Poet. An appreciation

THERE are poets who welcome other poets, and poets who assume a vatic air of superiority, secure in their sense of unassailable self-worth.

I’ve met both kinds, and while sometimes the latter are indeed fine poets on the page, you wouldn’t want to share a long train journey with them. And it’s no measure of quality, in the end.

Some of the best are of the former company, and David C Purdie was a poet of this kind. Companionable, always in dialogue, actual or imagined, never simply given to pronouncement as if from on high.

He was born in Edinburgh in 1940 and worked as a joiner in the city and as an insurance agent in Midlothian. This aspect of his character and career characterised his poems: practical, literal, with an immediate, everyday sense of what’s useful in the world.

The Scots language and the sense of voice was at the heart of all his poems. His first collection was entitled The Biggers (Dunbar: Calder Wood Press, 2008). “The Biggars” (the word means “builders”) begins like this: "We are the biggars, puir buggers,/the lads that pits ruifs owre yer heids:/we’re brickies an jyners and sclaters,/an plumbers an penters an spreids."

It’s a poem in praise of tradesfolk, those whom middle-class, bourgeois folk, and even aristos and landowners, cannot live without, who, in the class system or feudal legacy of social strata, are so often, so easily undervalued. These folk wear “wellies an glaury auld duds” and their sweat, blood and spittle are impregnated with “the stour o cement an o timmer”. They are the craftsmen who lay floors, repair ceilings and roofs, and build our homes, beyond the provenance even of draughtsmen and architects.

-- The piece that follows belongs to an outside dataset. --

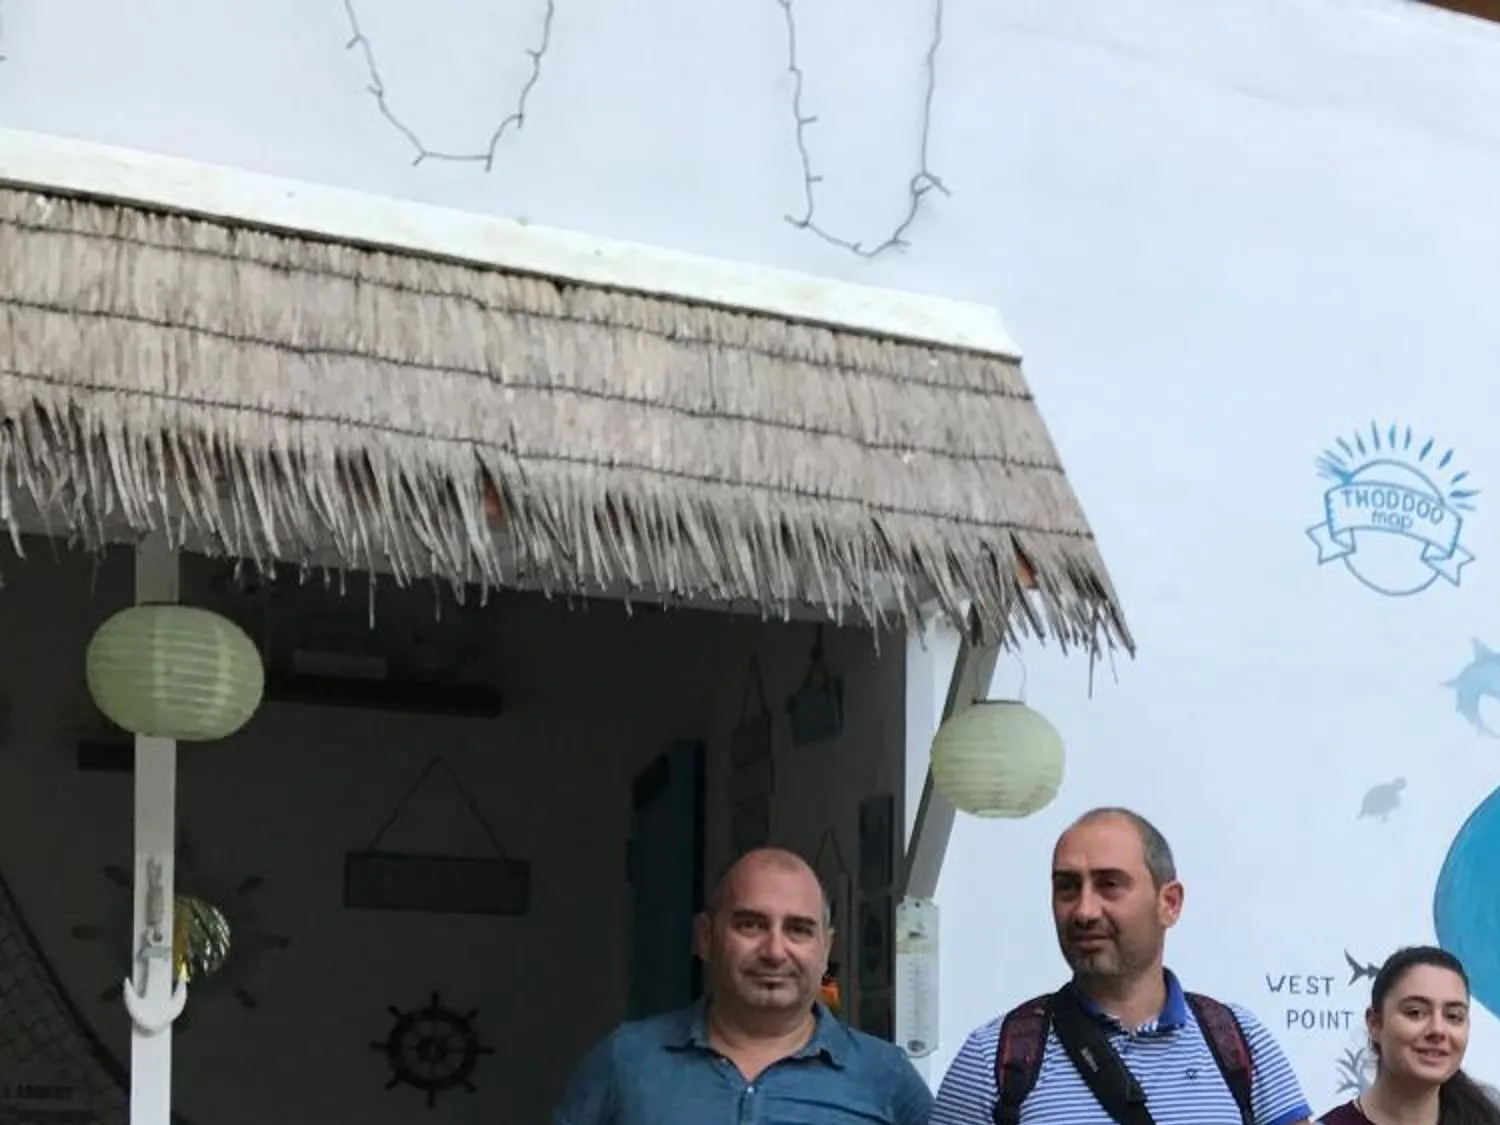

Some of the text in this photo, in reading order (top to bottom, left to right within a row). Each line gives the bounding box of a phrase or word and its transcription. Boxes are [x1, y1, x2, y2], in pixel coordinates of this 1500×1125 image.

[1341, 488, 1444, 525] THODDOO
[1371, 510, 1413, 530] map
[1265, 973, 1335, 997] WEST
[1286, 1008, 1355, 1031] POINT

Purdie’s work in the building trade and his innate understanding of the Scots language, his own tongue, among the folk he grew up with and knew best, informed all his best poetry. He spoke Scots naturally, as a native, regularly reviewing for Lallans, the Scots language magazine.

He sang for 25 years as a tenor in The Kevock Choir, was a member of the Penicuik Writers’ Group and the School of Poets, and with Neil MacCallum, recorded poems by Sydney Goodsir Smith for the sound archive Scotsoun, now in the Scottish Poetry Library.

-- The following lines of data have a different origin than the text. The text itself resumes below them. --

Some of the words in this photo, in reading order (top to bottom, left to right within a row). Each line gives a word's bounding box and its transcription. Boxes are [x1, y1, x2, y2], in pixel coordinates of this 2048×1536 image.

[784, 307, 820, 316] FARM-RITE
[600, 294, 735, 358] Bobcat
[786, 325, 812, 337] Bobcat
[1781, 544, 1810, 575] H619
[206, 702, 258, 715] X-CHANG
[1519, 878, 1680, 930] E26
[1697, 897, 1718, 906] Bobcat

He was on the committee responsible for commissioning the sculptor David Annand’s lovely statue of Robert Fergusson now in place loping down the Royal Mile towards the Scottish Poetry Library, outside the Canongate Kirk, in whose grounds the remains of Burns’s lover Nancy Maclehose (“Clarinda”) are interred, along with those of Fergusson himself, marked by a headstone that Burns sponsored, and about which Robert Garioch wrote one of his finest Edinburgh sonnets, “At Robert Fergusson’s Grave”. So: Fergusson, Burns, Garioch: a distinctive tradition of Scots language poets, among whom David Purdie is in good company.

His poetry appeared in many magazines, and he won a handful of prizes. He translated into Scots, including the English poets William Barnes, Oliver Goldsmith and S.T. Coleridge, and most remarkably, The Gododdin of Aneirin (Calder Wood Press, 2009), from ancient Brythonic (Old Welsh).

He wrote that he felt attracted to translating this because “the Gododdin was a Lothian tribe who feasted and caroused for a year … in their chief fort where Edinburgh Castle now stands. I can see them in my mind’s eye riding off to their doom down that rocky ridge now called the Royal Mile.”

Perhaps his most haunting, lasting poem is The Warld Nixt Door, for which he was shortlisted for the McCash prize, and which is reprinted in The Smeddum Test: 21st-Century Poems in Scots (Kilkerran: Kennedy & Boyd, 2013). This is how it begins: "Hyne awa at the dwyne o day,/whaur lift an sea ir nacrous gray,/an the jyne atween is scantlins seen,/the’r a glimp o a warld nixt door.

"Whaur the tirnin yirth scliffs the lift,/ye’ll see the hinger slichtlie shift,/syne glamourie licht i the gloam o nicht,/sypes in frae the warld nixt door."

We might think of David Purdie among those Scots language poets who have gone before, the tradespeople and working men and women he knew, even among the carousing warriors of the Godothin, and among older Scots-speaking family and friends, in “the warld nixt door”. He is in good company.